◆ Exercise brief ◆
What you return should match the data below exactly, with no pictures in it.

◆ Data for the task ◆
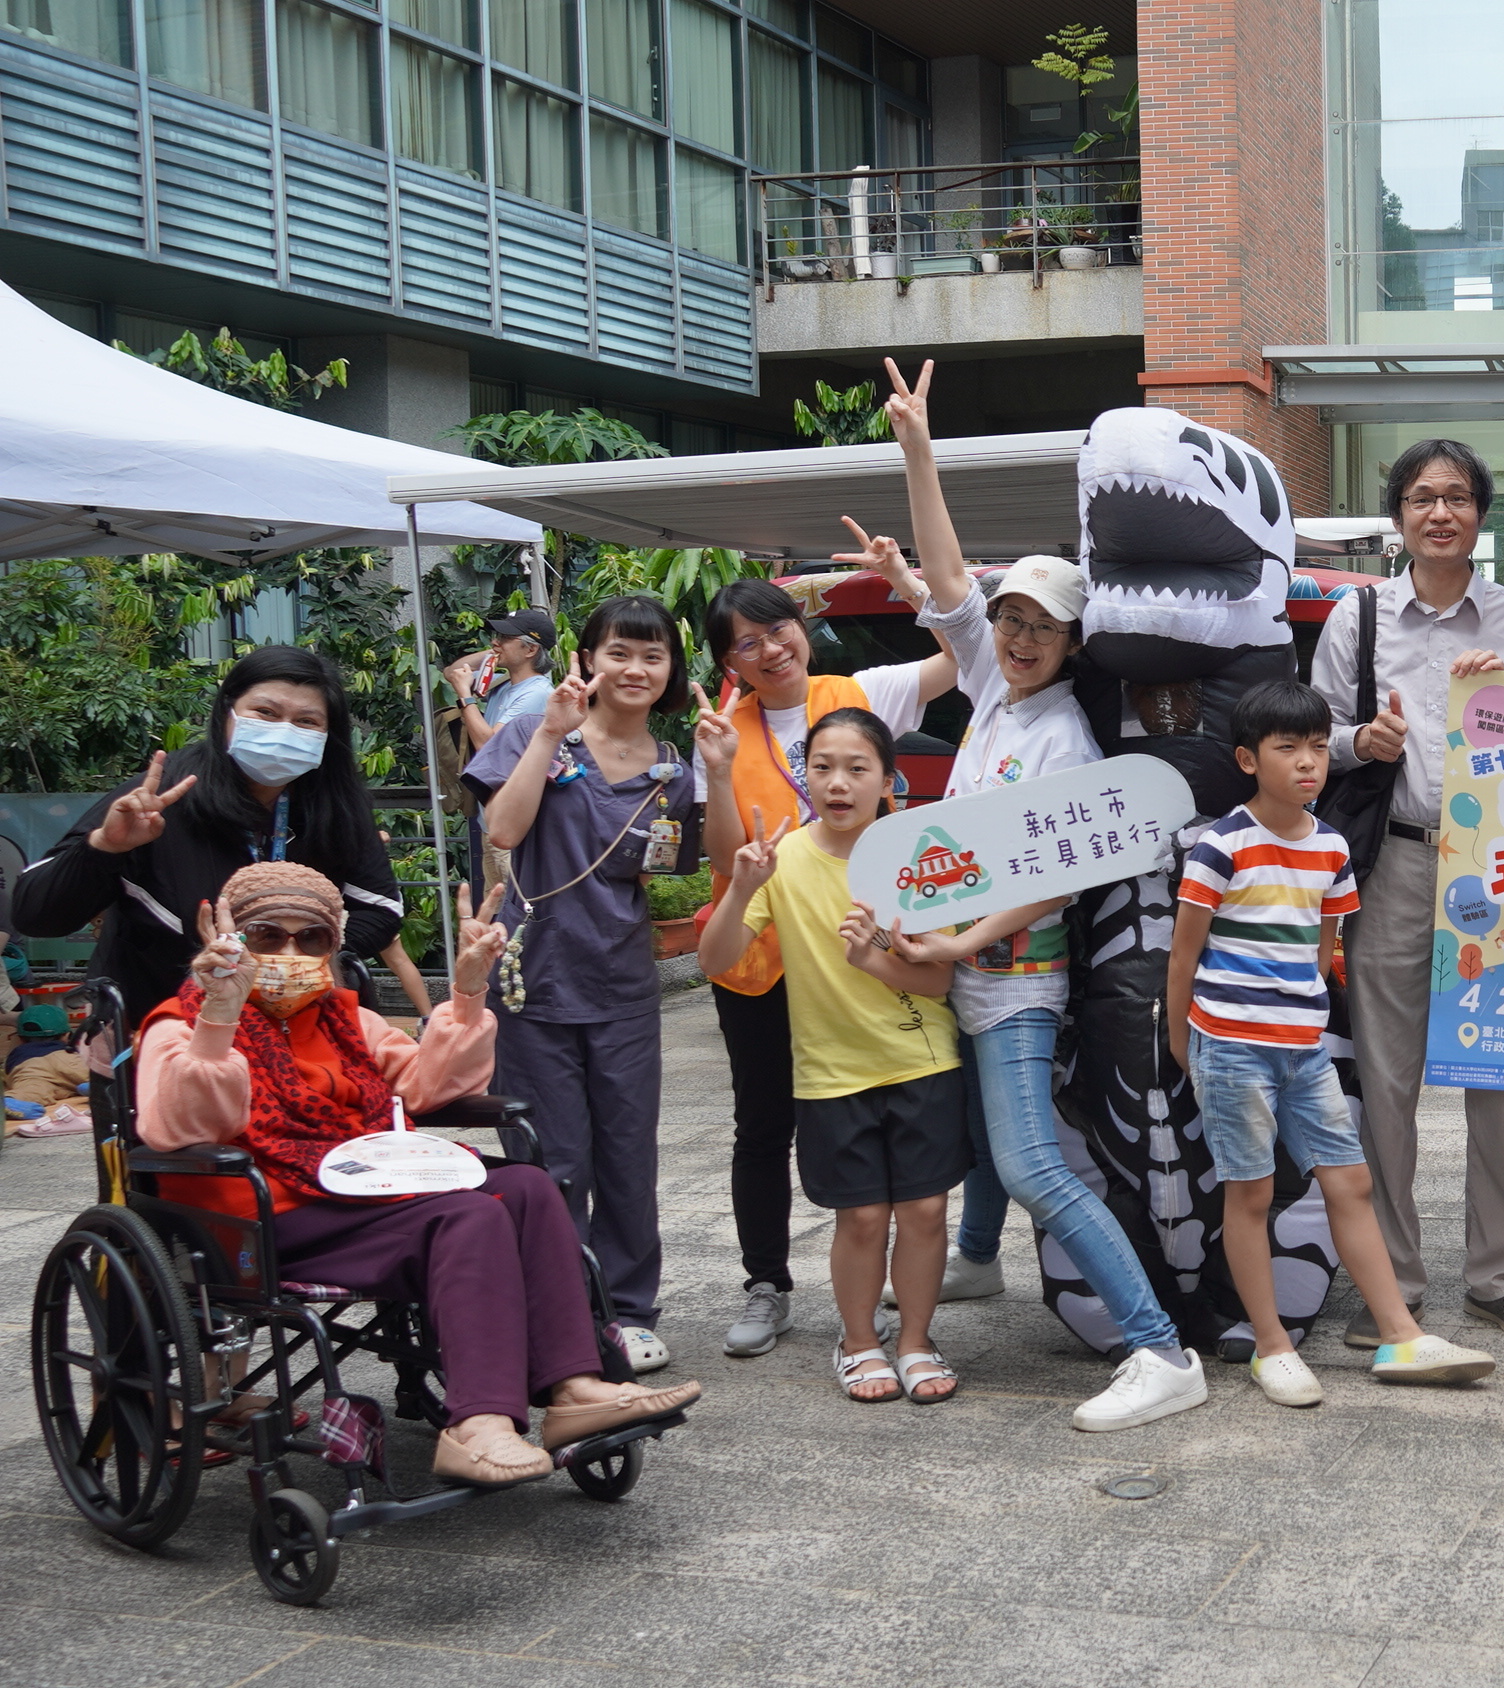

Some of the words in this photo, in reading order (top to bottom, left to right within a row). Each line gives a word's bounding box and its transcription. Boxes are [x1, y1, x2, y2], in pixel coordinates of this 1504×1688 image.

[1022, 787, 1128, 840] 新北市
[1008, 819, 1162, 876] 玩具銀行
[1458, 900, 1487, 913] Switch
[1461, 909, 1489, 922] 體驗區

◆ Written solution ◆
Some of the words in this photo, in reading order (top to bottom, left to right within a row). Each line gives a word's bounding box and its transcription. Boxes are [x1, y1, x2, y2], in pixel coordinates of this 1504×1688 image.

[1022, 787, 1128, 840] 新北市
[1008, 819, 1162, 876] 玩具銀行
[1458, 900, 1487, 913] Switch
[1461, 909, 1489, 922] 體驗區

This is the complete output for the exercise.